OMG!!!! I had totally missed this thread until Jaimie pointed it out to me last week. I'm gonna order one right this minute. Jolie spends her day looking out of the window and barks at everything. When she starts, Sadie and Hope take up the charge. I'll let you know how it works for my three. It sounds like a kennel over here some of the time!


----------



## Harley & Dakotas Mum (Jun 11, 2005)

I got ours yesterday & wouldn't you know it, neither of mine barked for HOURS after I opened the package!! LOL

Well, I have only used it once so far, and it was directed at both of them - they were going totally NUTSO at the gate because a dog was walking past - most dogs are allowed to walk past our house, but this particular one, a little jack russell, is NOT allowed! All 3 dogs (mine on my side of the fence & the JR on the other) were totally going OFF - I pressed it once for about 2 seconds & said NO BARKING .... the result - they all totally ignored me & the device, didn't even look sideways at me!

I really do think that they were all just far too distracted - I intend to give it another go - in less trying circumstances! I haven't given up hope just yet!


----------



## bellasmommy (May 8, 2005)

Do you think this would work at drive thrus? Bella thinks if she barks we will get our food faster or something! The easy solution would be for me to give up fast food, but it would be so nice when we travel to be able to order food without Bella going non-stop nutso. Here are my concerns, if i'm the nutso one, please tell me:

Will she think she's never supposed to bark? I don't mind the barking 90% of the time, I just don't want her barking at drive thrus or at people that visit my house.


Is it harmful in any way? Hearing-wise? (forgive me if this has already been asked, I'm in a rush today and didn't read the whole thread)


----------



## Harley & Dakotas Mum (Jun 11, 2005)

Hmmmm, well, I tried it again last night & they both ignored me again!!!







Didn't even LOOK my way, let alone take a scrap of notice









I call their name, point the device at them & push the button while saying NO BARKING ..... nothing, zip, zilch ... no reaction whatsoever .....

Am I doing something wrong?


----------



## Cosy (Feb 9, 2006)

Jac, try saying no bark AFTER you push the button and let up on it. Push it down for a couple seconds.

If they pay no notice I would check the battery to see if it's connected properly or perhaps dead.

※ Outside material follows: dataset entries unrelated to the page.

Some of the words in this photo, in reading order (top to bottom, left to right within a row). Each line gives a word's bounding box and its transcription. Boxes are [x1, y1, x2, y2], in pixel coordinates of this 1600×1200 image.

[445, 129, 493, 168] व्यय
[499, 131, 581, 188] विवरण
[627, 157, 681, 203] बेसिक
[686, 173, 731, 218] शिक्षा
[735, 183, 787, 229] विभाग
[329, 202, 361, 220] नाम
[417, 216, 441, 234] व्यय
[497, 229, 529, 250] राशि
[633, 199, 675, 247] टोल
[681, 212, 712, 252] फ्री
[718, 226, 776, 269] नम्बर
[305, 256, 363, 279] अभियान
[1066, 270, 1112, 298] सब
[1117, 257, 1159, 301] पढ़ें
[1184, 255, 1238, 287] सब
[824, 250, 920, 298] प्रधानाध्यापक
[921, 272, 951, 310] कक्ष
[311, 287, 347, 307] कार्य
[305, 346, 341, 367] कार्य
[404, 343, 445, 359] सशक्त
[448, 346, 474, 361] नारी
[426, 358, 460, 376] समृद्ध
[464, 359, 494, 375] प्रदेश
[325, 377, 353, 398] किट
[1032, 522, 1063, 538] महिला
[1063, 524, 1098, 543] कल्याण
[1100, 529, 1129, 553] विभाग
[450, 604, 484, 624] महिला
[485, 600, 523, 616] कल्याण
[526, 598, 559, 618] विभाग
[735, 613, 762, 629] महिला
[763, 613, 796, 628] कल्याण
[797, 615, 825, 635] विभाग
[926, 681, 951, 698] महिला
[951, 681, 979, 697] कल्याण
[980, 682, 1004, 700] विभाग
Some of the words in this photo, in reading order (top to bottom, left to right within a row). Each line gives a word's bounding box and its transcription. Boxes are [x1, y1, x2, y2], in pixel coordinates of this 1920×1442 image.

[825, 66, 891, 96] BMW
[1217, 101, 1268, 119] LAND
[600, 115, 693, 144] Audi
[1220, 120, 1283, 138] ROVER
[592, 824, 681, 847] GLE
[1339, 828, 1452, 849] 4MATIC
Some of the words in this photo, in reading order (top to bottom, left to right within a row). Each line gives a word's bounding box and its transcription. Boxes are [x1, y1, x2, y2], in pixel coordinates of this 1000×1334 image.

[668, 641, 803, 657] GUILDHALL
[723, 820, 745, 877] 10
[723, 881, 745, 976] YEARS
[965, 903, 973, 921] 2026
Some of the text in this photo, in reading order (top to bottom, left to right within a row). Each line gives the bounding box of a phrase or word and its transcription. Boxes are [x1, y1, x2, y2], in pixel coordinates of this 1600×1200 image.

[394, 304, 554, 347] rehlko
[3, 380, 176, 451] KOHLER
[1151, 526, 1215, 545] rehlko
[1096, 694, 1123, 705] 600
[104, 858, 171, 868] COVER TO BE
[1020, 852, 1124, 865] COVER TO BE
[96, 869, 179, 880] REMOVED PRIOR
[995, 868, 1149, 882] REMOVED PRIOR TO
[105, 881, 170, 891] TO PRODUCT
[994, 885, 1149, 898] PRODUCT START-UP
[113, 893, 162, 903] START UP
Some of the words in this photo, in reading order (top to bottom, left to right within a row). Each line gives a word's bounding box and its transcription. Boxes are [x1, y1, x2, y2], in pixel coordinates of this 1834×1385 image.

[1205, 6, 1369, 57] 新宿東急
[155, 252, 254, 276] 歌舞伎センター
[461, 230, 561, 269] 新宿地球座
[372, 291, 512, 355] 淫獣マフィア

If no reaction after that I would go have the remote replaced. It could be defective. I read on the instructions not to touch the metal on the front end so it obviously is sensitive to damage.



I've had great success with it, although Cosy shook for two days after and clung to me as if her life depended on me. I will say when my daughter's maltese was here (she's 11 yrs old) she didn't seem to hear it as well. Maybe her hearing is impaired with age...although she hears the word COOKIE just fine. LOL! Toy learned quickly and Cosy as well. I have not had to even pick it up after the first few times and that was a couple weeks ago.


----------



## lillady (Jan 25, 2007)

PetEdge is going to have to start giving discounts to people on SM







I bought mine quite a while ago and like several others, the second I pick up the blue box-he stops and goes on his merry way!


----------



## ladypup (Oct 22, 2006)

> the only animal it didnt work on was a dalmation..wonder if that dog could hear
> 
> 
> 
> ...


interesting... maybe it has to do with them hearing only in one ear?
maybe try to push the botton next to his other ear?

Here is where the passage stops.